About this task:
An exact transcription of every entry is required, with the images left out.

Records supplied:
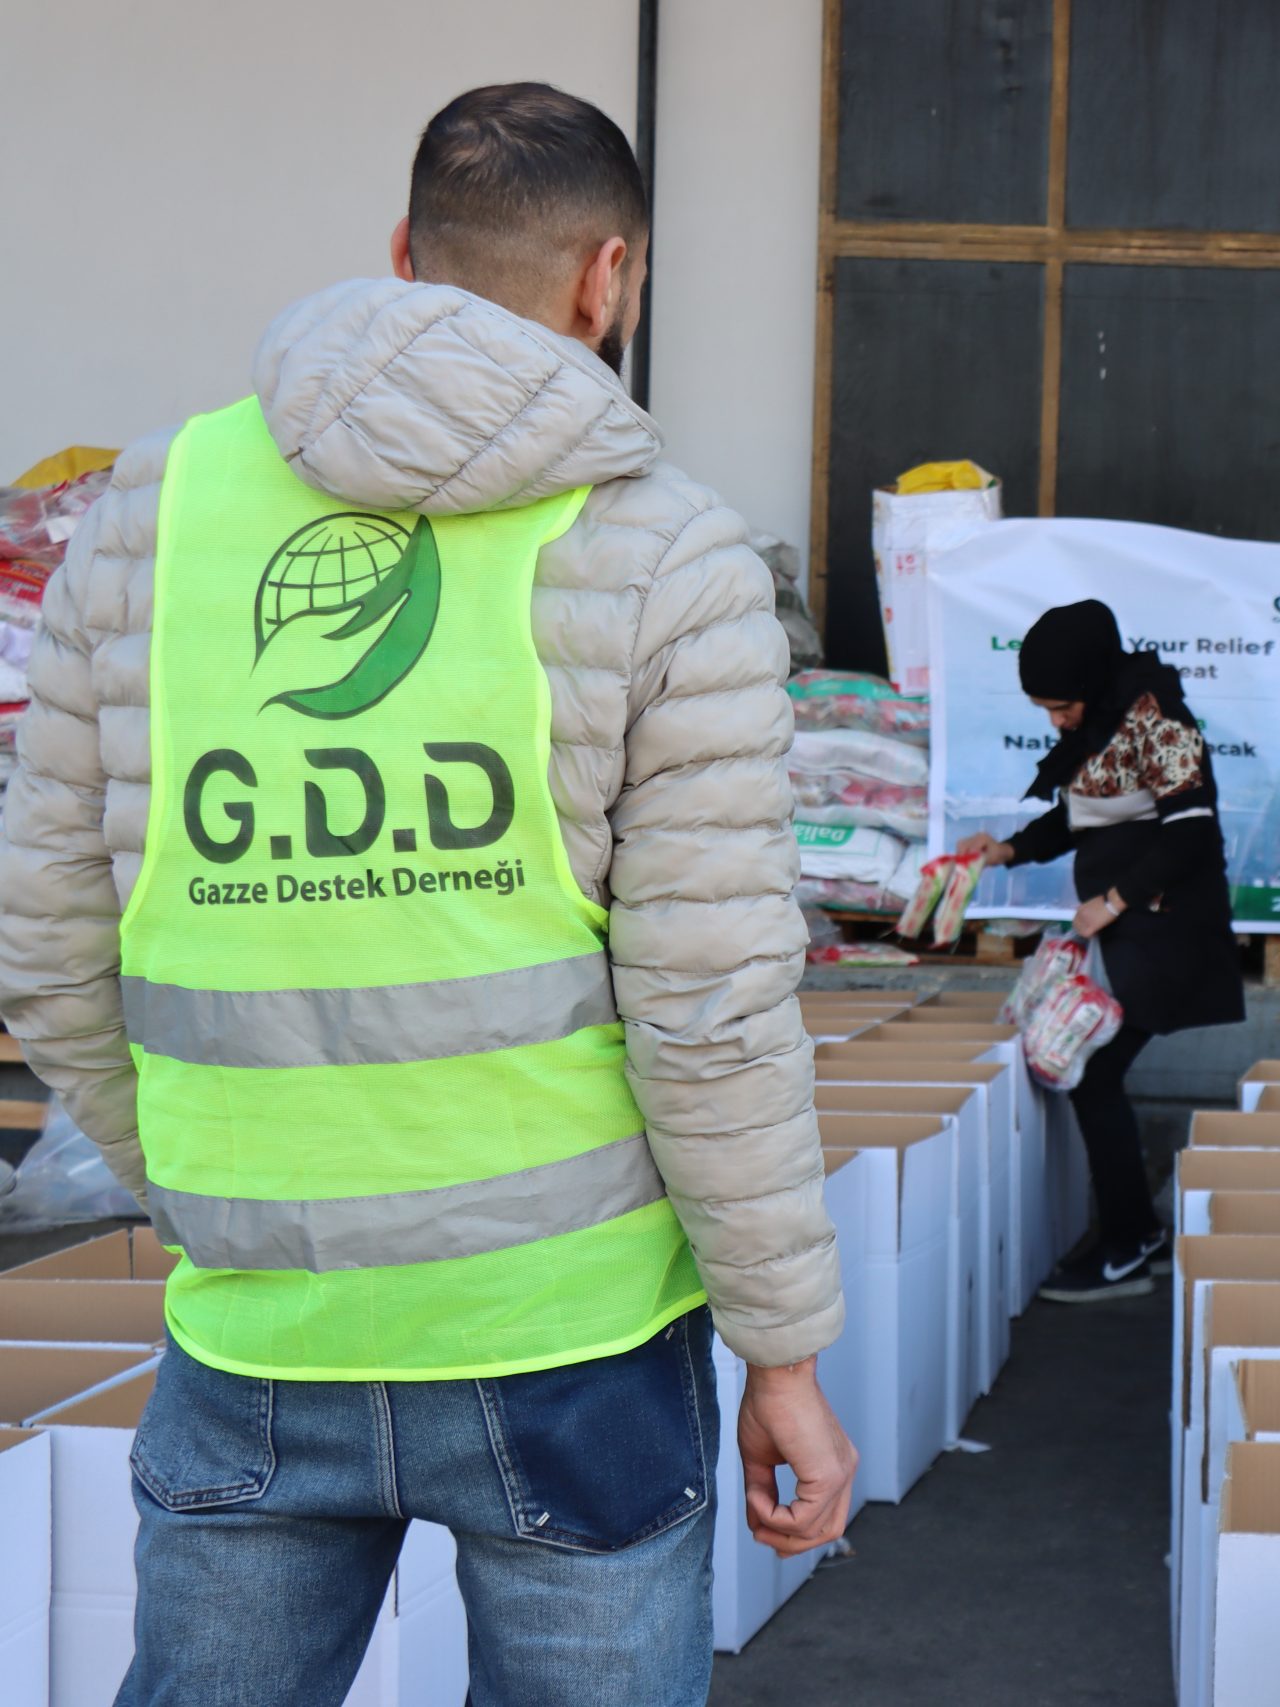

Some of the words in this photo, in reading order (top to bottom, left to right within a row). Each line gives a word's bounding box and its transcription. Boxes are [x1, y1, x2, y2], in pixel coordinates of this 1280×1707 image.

[1128, 637, 1189, 653] Your
[1196, 637, 1276, 655] Relief
[184, 742, 515, 864] G.D.D
[188, 876, 268, 905] Gazze
[276, 869, 387, 902] Destek
[392, 859, 525, 896] Derneği

Finished task:
Some of the words in this photo, in reading order (top to bottom, left to right within a row). Each line gives a word's bounding box and its transcription. Boxes are [x1, y1, x2, y2], in pixel coordinates of this 1280×1707 image.

[1128, 637, 1189, 653] Your
[1196, 637, 1276, 655] Relief
[184, 742, 515, 864] G.D.D
[188, 876, 268, 905] Gazze
[276, 869, 387, 902] Destek
[392, 859, 525, 896] Derneği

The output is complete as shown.